Donc Alison l’aimera, je suppose. Ce n’était pas assez, avant. Il n’a vraiment voulu d’elle que quand il a pensé qu’elle était morte.
Dans la dernière partie du livre, quand Nicholas, de retour à Londres, veut retourner dans le mystère, quel qu’il soit, c’est exactement ce que je ne veux pas être. Je n’aurais jamais dû essayer de parler à cette fée. Que quelqu’un d’autre fasse quelque chose pour la graphiose de l’orme. Ce n’est pas mon problème. J’en ai fini de vouloir sauver le monde, et je n’ai jamais attendu de lui la moindre gratitude, de toute façon. J’ai cette stupide douleur lancinante qui m’obsède et je ne comprends que trop bien Nicholas.
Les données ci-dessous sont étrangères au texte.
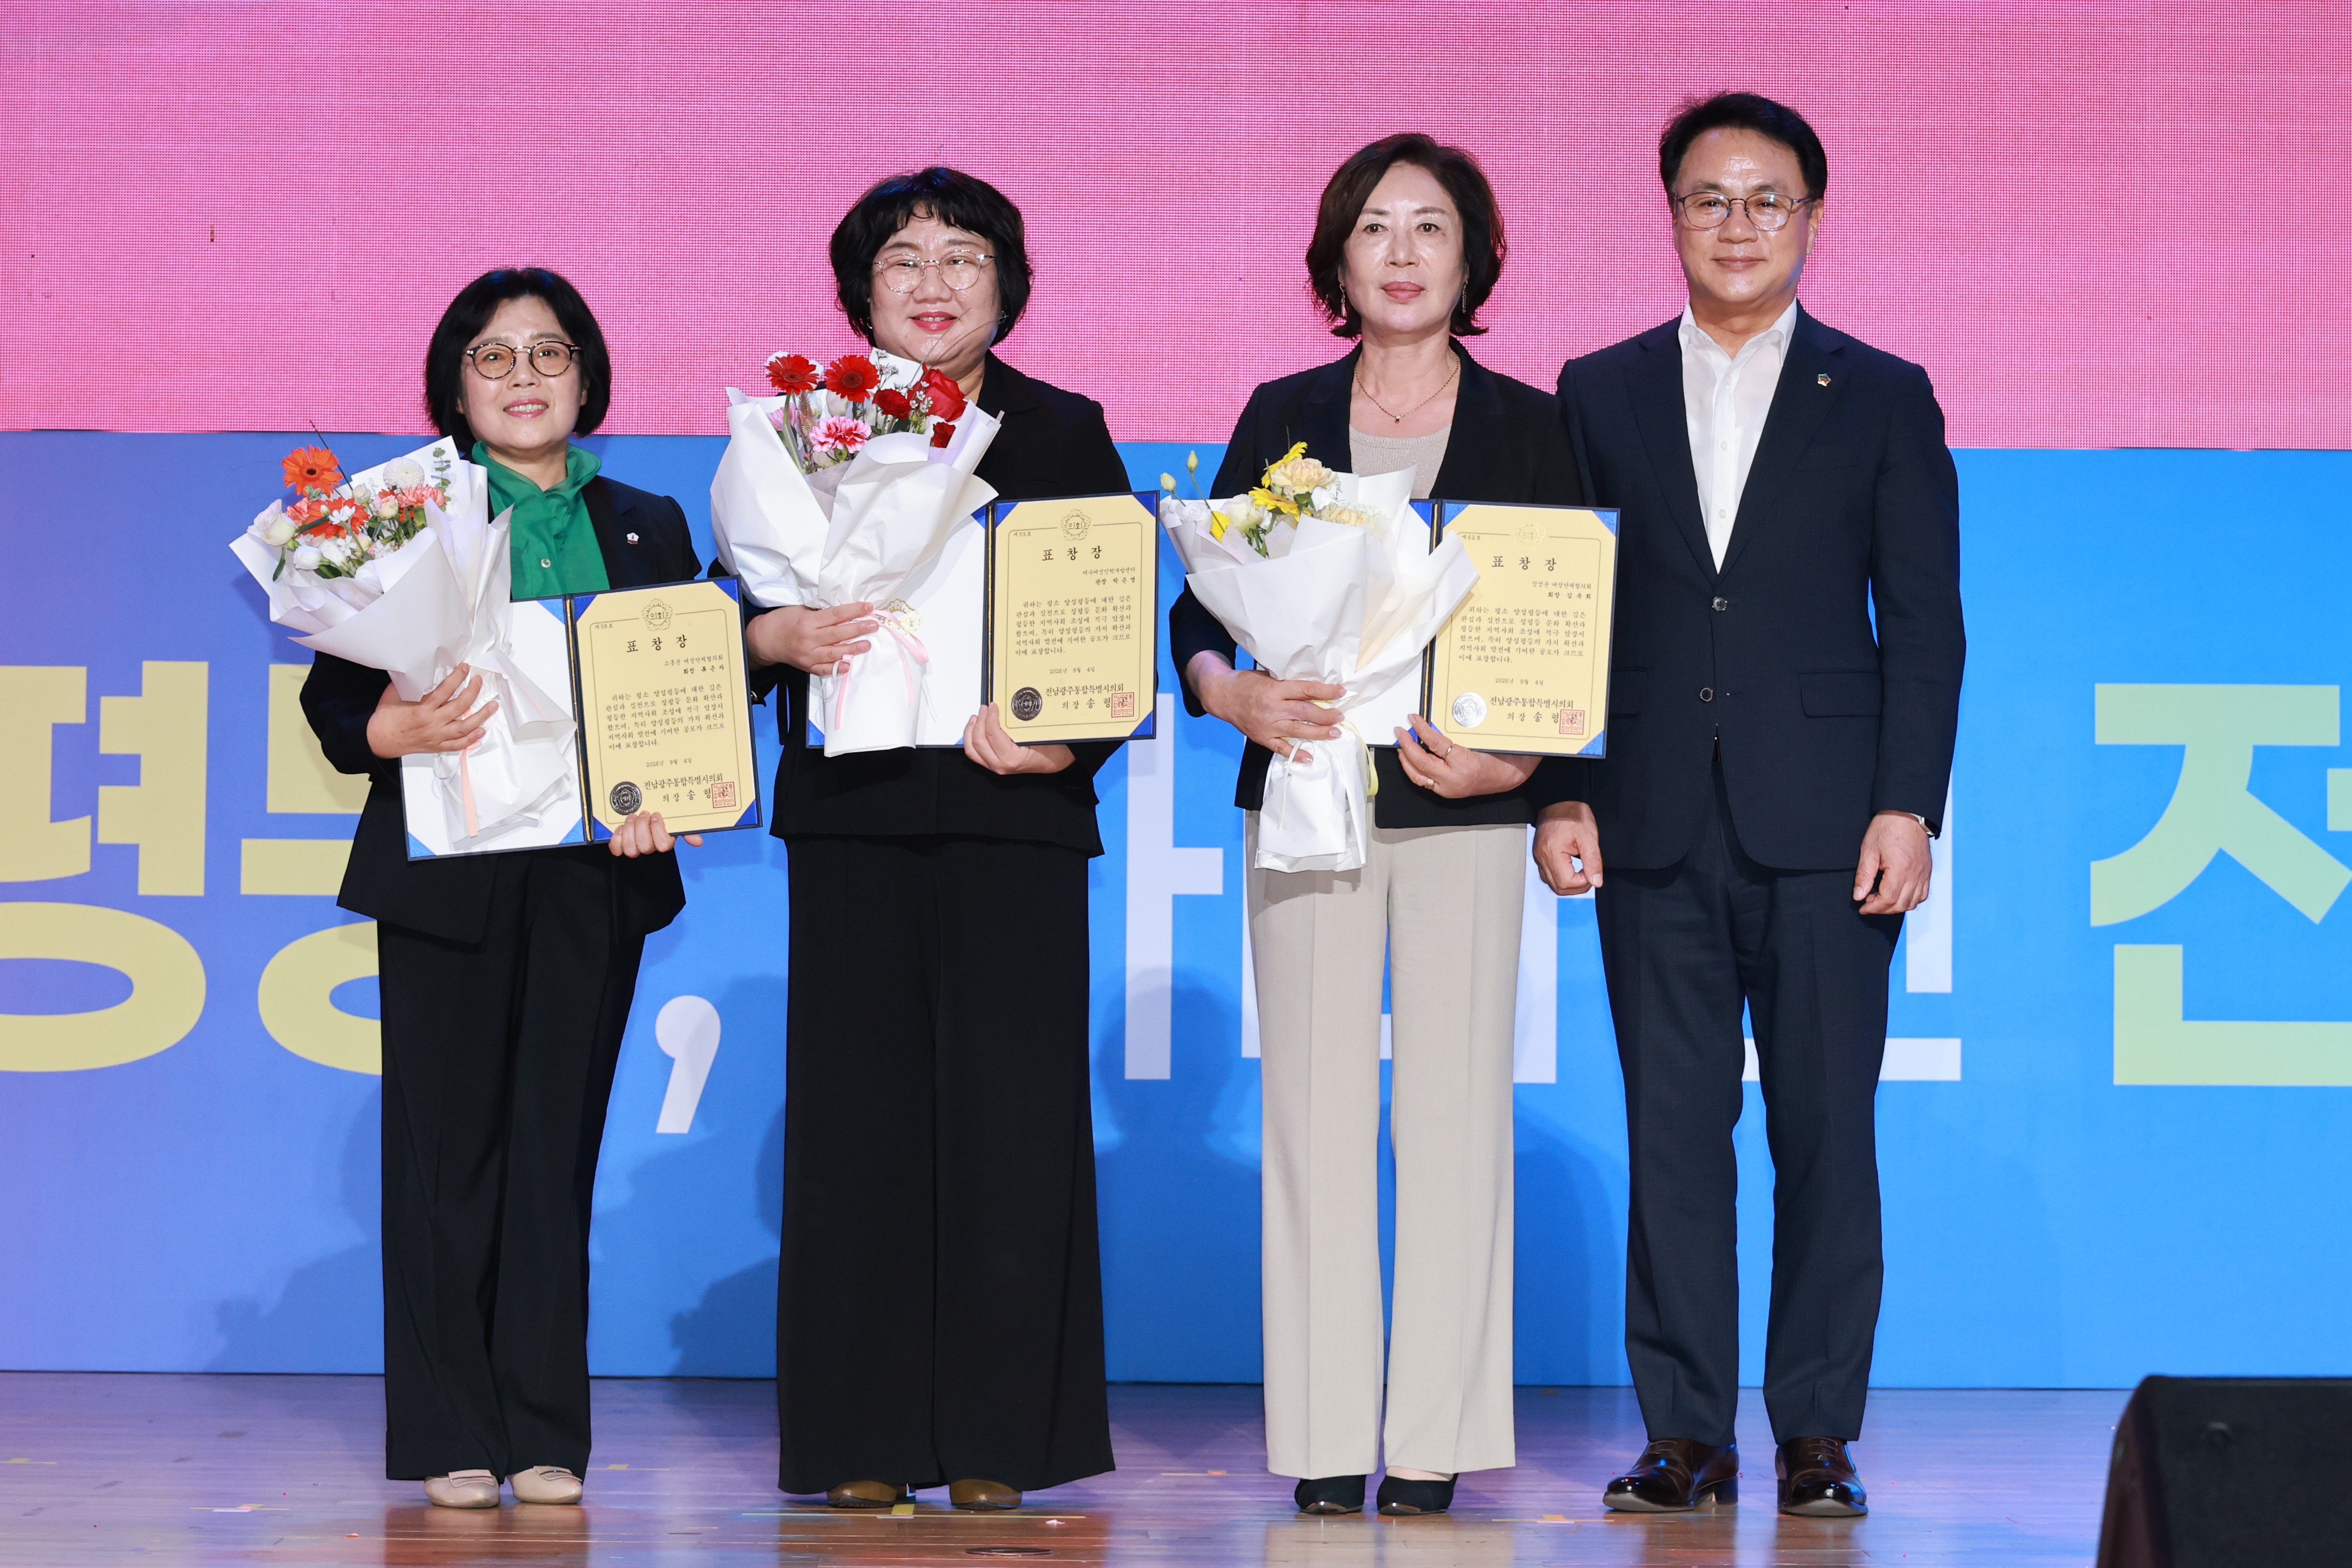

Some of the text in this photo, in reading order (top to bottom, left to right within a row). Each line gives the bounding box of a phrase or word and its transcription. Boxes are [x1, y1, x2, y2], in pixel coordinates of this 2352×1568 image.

[1067, 522, 1082, 530] 의회
[1064, 597, 1096, 606] 양성평등에
[650, 611, 665, 620] 의회
[1016, 610, 1036, 618] 관심과
[1071, 607, 1090, 615] 성평등
[1111, 604, 1132, 612] 확산과
[1513, 608, 1548, 617] 양성평등에
[1016, 620, 1035, 628] 평등한
[1040, 618, 1065, 626] 지역사회
[1058, 626, 1091, 635] 양성평등의
[1111, 623, 1131, 632] 확산과
[1486, 626, 1514, 635] 지역사회
[1016, 638, 1040, 647] 지역사회
[1089, 634, 1109, 643] 공로가
[1506, 637, 1541, 646] 양성평등의
[1459, 644, 1486, 653] 지역사회
[653, 687, 686, 697] 양성평등에
[1045, 683, 1123, 697] 전남광주통합특별시의회
[606, 703, 626, 712] 관심과
[661, 697, 681, 706] 성평등
[685, 695, 698, 704] 문화
[703, 693, 723, 702] 확산과
[1490, 696, 1573, 710] 전남광주통합특별시의회
[606, 713, 626, 722] 평등한
[631, 709, 657, 719] 지역사회
[661, 707, 681, 715] 조성에
[704, 702, 723, 712] 앞장서
[651, 717, 683, 727] 양성평등의
[705, 712, 724, 721] 확산과
[608, 731, 634, 741] 지역사회
[683, 724, 703, 733] 공로가
[644, 773, 723, 790] 전남광주통합특별시의회
Mais je ne veux pas être pitoyable comme lui.
Jeudi 25 octobre 1979
Comme il ne pleuvait pas, pour la première fois depuis des siècles, et que ma jambe allait un peu mieux, je suis sortie pendant la demi-heure après l’étude. Je suis descendue à la limite du terrain de sport, près du fossé où j’avais vu la fée et j’ai fait un feu de joie de toutes les lettres. Il faisait presque nuit et elles se sont enflammées tout de suite à la première allumette. Ça venait sans doute du papier photo, déjà partiellement brûlé, qui attendait avec avidité le feu. « Souvent la volonté du mal ruine le mal », comme a dit Gandalf. Souvent, pas toujours. On ne peut pas y compter, mais cela semble assez souvent.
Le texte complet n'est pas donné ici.